Unthinkable. Really.
What is this, the Sergeant Carlos Hathcock school of deer hunting? Is he infiltrating deep into enemy white-tail territory?
Isn't his hunting experience limited to beating the brush for rich widows?
Will wonders never cease?
Just what in the world kind of hunting requires one to crawl around on the ground with a double barreled shotgun?
Carolyn
Definitely bogus. I'm not a hunter, but using a shotgun doesn't make good sense, nor does crawling around on your belly.

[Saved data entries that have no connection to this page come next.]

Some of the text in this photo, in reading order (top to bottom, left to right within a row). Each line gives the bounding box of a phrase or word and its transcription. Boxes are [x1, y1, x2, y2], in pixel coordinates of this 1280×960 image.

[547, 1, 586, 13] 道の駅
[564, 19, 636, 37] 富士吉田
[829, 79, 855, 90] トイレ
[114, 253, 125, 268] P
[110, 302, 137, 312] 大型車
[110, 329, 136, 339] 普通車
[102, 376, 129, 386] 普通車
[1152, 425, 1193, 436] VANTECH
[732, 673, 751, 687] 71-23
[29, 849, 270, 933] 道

Deer have some of the best ears around.Their nose comes first though.They can smell you from a quarter mile away,easy.in my deer hunting days,I knew that I needed to be above the deer,as scent travels upwards,and I damned sure need to make as little noise as possible.Somehow,crawling on my belly with all those leaves under me crunching never crossed my mind as a succesful tactic.

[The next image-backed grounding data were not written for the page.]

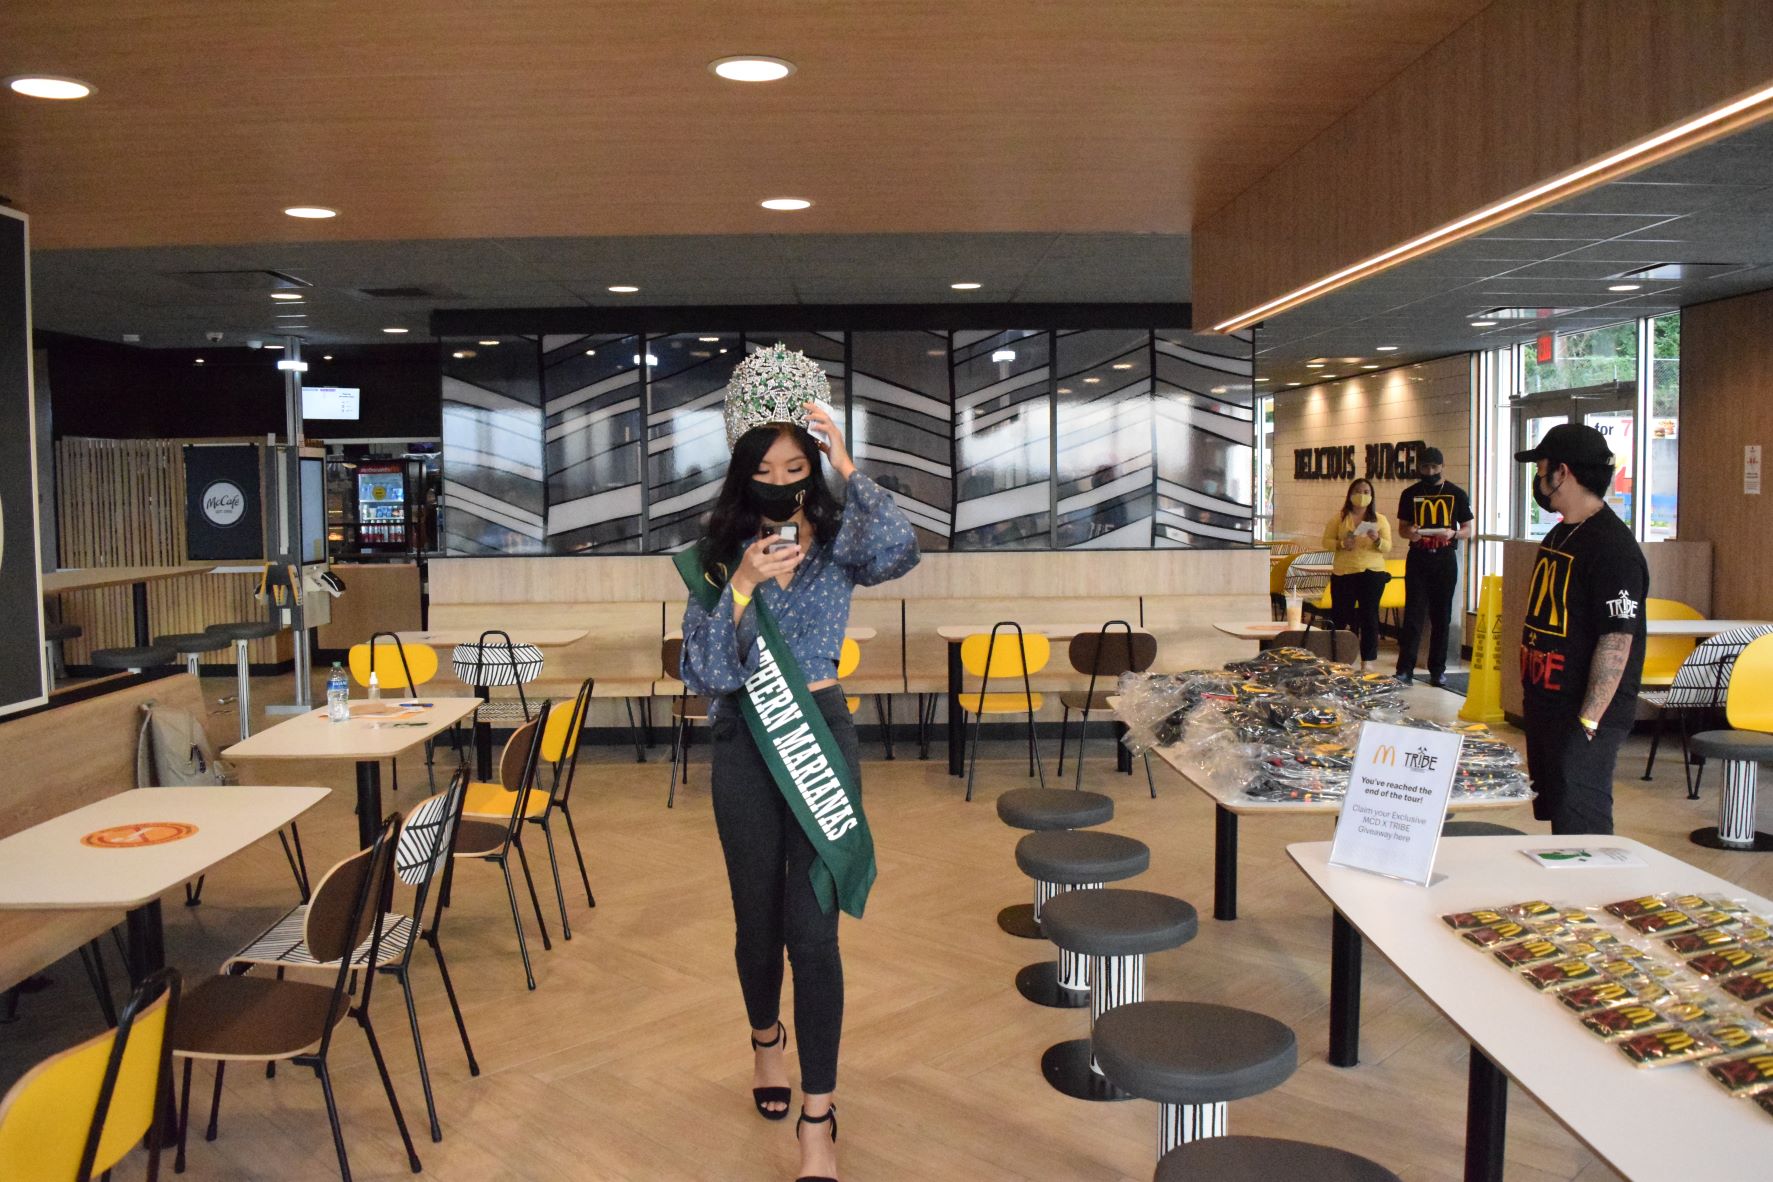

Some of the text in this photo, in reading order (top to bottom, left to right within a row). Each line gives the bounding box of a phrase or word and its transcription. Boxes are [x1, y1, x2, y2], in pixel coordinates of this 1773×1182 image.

[1594, 423, 1614, 435] for
[1294, 445, 1355, 480] DELICIOUS
[1606, 599, 1639, 618] TRIBE
[1404, 751, 1438, 771] TRIBE
[772, 722, 858, 842] MARIANAS
[1361, 776, 1432, 796] You've reached the
[1365, 787, 1424, 804] end of the tour!
[1352, 804, 1427, 825] Claim your Exclusive
[1363, 816, 1411, 832] MCD X TRIBE
[1358, 825, 1411, 843] Giveaway here
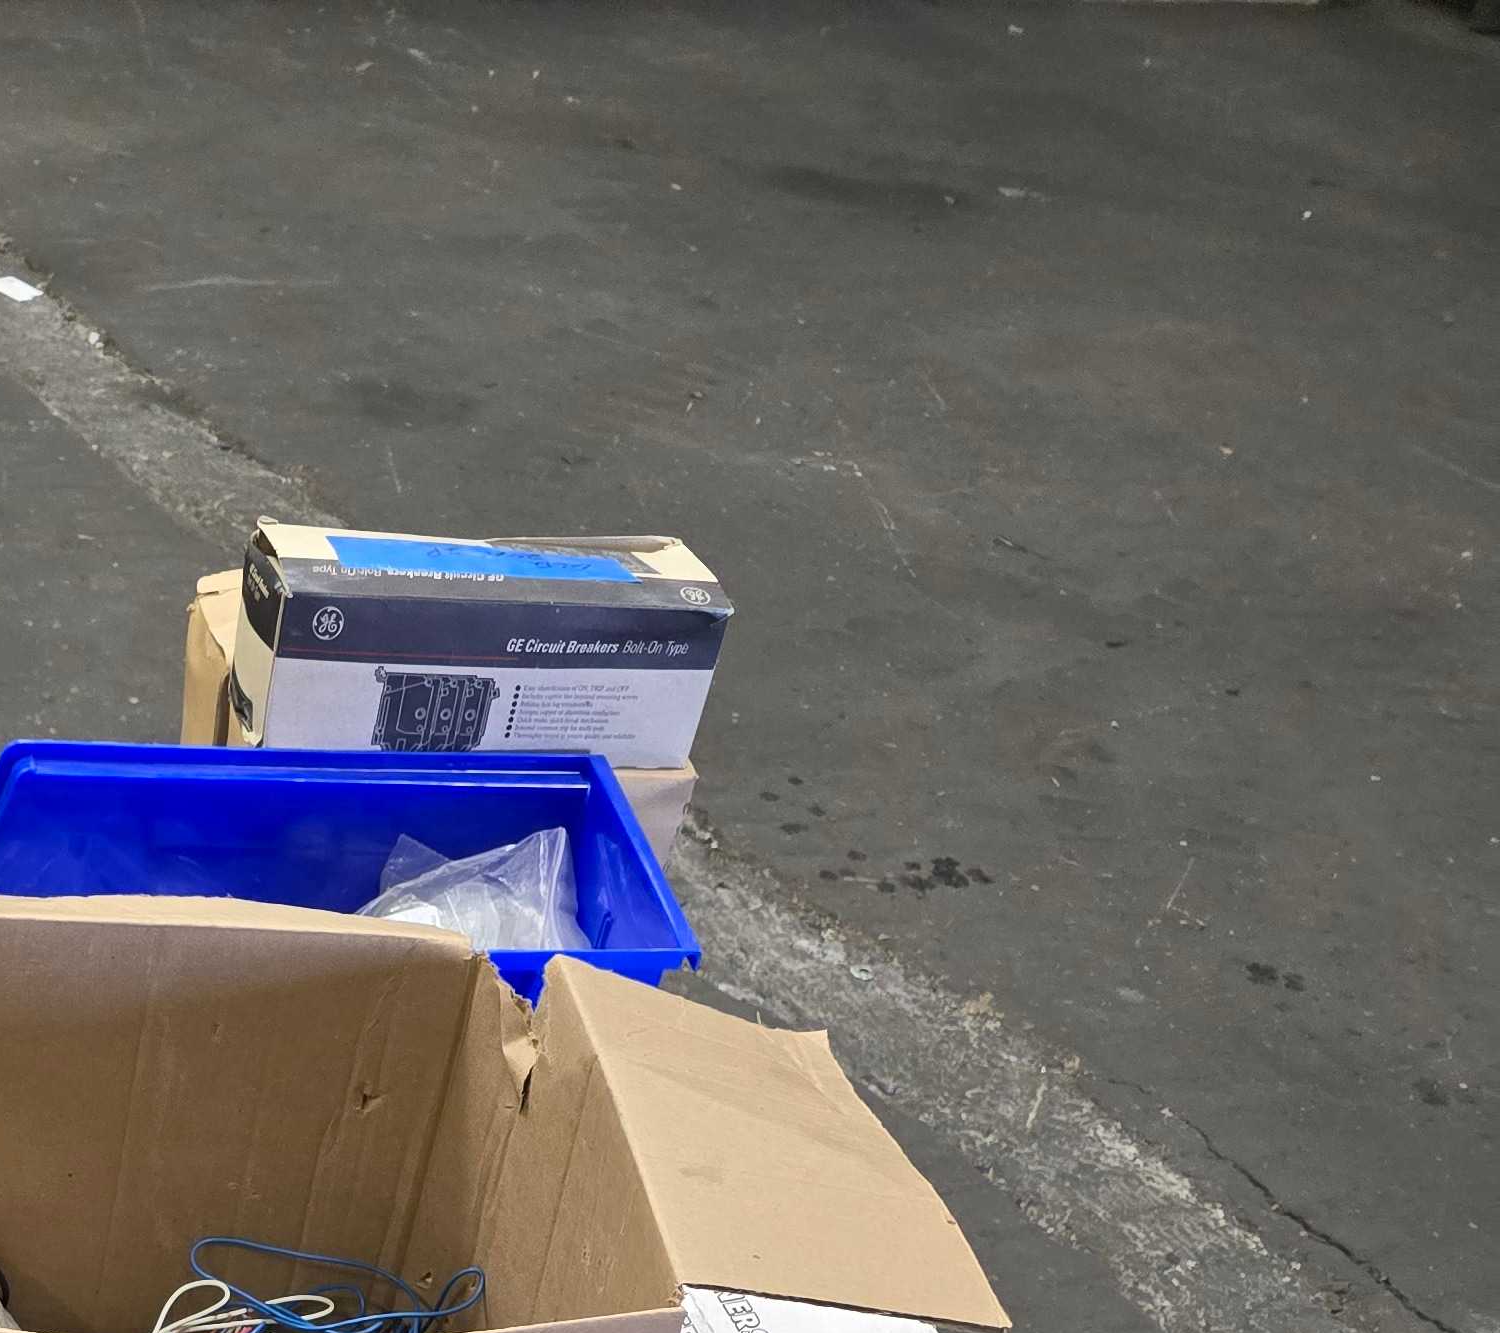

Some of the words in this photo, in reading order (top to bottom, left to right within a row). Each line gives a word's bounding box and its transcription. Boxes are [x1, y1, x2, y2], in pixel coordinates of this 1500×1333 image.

[506, 638, 525, 654] GE
[526, 638, 564, 654] Circuit
[566, 639, 619, 655] Breakers
[622, 640, 663, 655] Bolt-On
[666, 641, 689, 657] Type

?????12-gauge double-barrel shot-gun for deer?????
I met a guy, went shooting with him, who hunted deer with a .410 shotgun, shooting slugs. He lived in the woods in east Texas, the woods are thick enough that if you're close enough to see him, you're close enough to hit him with your shoe. And a .410 slug is actually a pretty healthy chunk of lead.
For a guy living out in the woods without much cash, a .410 has the advantage of being very inexpensive, mainly a single-shot like his. Went target shooting with his .410 and I was surprised out how straight it shot. That slug makes a very satisfying 'thwack' when it hits the target too.
Is this how he hunted the VC in Nam ?
We need to set O'Reilly straight... last night he was talking to Ben Aflac! and O'Reilly said Kerry was pro-gun.
The O'Reilly Factor
Oreilly@foxnews.com
IIRC, Kerry's double barrel is a Parker side-by-side valued at over $10,000. With full or even modified chokes, a 12 guage slug would turn it into metal spaghetti.
He must write himself up and issue himself another Purple Heart every time he skins a knee or scraps a knuckle; nothing serious, just enough to get himself another PH.
Caught-in-yet-another-lie-but-Clinton-and-Algore-proved-that-doesn't-matter ping.
My neighbor and I were just laughing about this. He suggested that someone ask Kerry if he's ever done any coon hunting.
I'm quite sure he would tell us of his days sitting in a "coon blind" waiting for a racoon to wander by.
I'll bet he also yelled "Pull" and waited for the deer to go sailing through the air.
May as well. He's prolly already bagged his limit of wealthy dears.
"'I go out with my trusty 12-gauge double-barrel, crawl around on my stomach ... That's hunting.'"
Maybe he's saying that he uses a shotgun so that he doesn't have egg all over his face if he ever gets the chance to ban our hunting rifles.
Just a thought.
Well, the shotgun part isn't ludicrous, at least. Back where I grew up in Virginia, there were different parts of the deer season for bows, blackpowder muzzleloaders, shotguns, and rifles. Rifle season came in last, just before Thanksgiving. (I've never been much of a hunter myself, but had a lot of friends who were, and my brother's a champion blackpowder shooter and loves to hunt deer with his muzzleloaders.) When you hunted, with what, depended on what county you were in...the rules and regs were, and I assume still are, insanely complex.
As for the crawling-around part...chhyeah, right. Where I grew up near the mountains, people mostly stand-hunted on National Forest or private land. Eastward toward the Tidewater, where there was less public-access land, there were "hunt clubs" that owned several hundred acres, and they'd primarily do deer drives with dogs. (Drives seem to be the primary way people hunt down here in central SC, too.)
Deer season was practically a third November holiday where I grew up (Veterans Day, first day of rifle season, Thanksgiving)--you could get an excused absence for it from high school, with a parental note--and I never heard of ANYBODY crawling on their stomach to hunt deer. Not once. Deer are way too crafty and way too skittish.
Obviously, JF'inK thinks he remembers Charlie in the Mekong wearing antlers.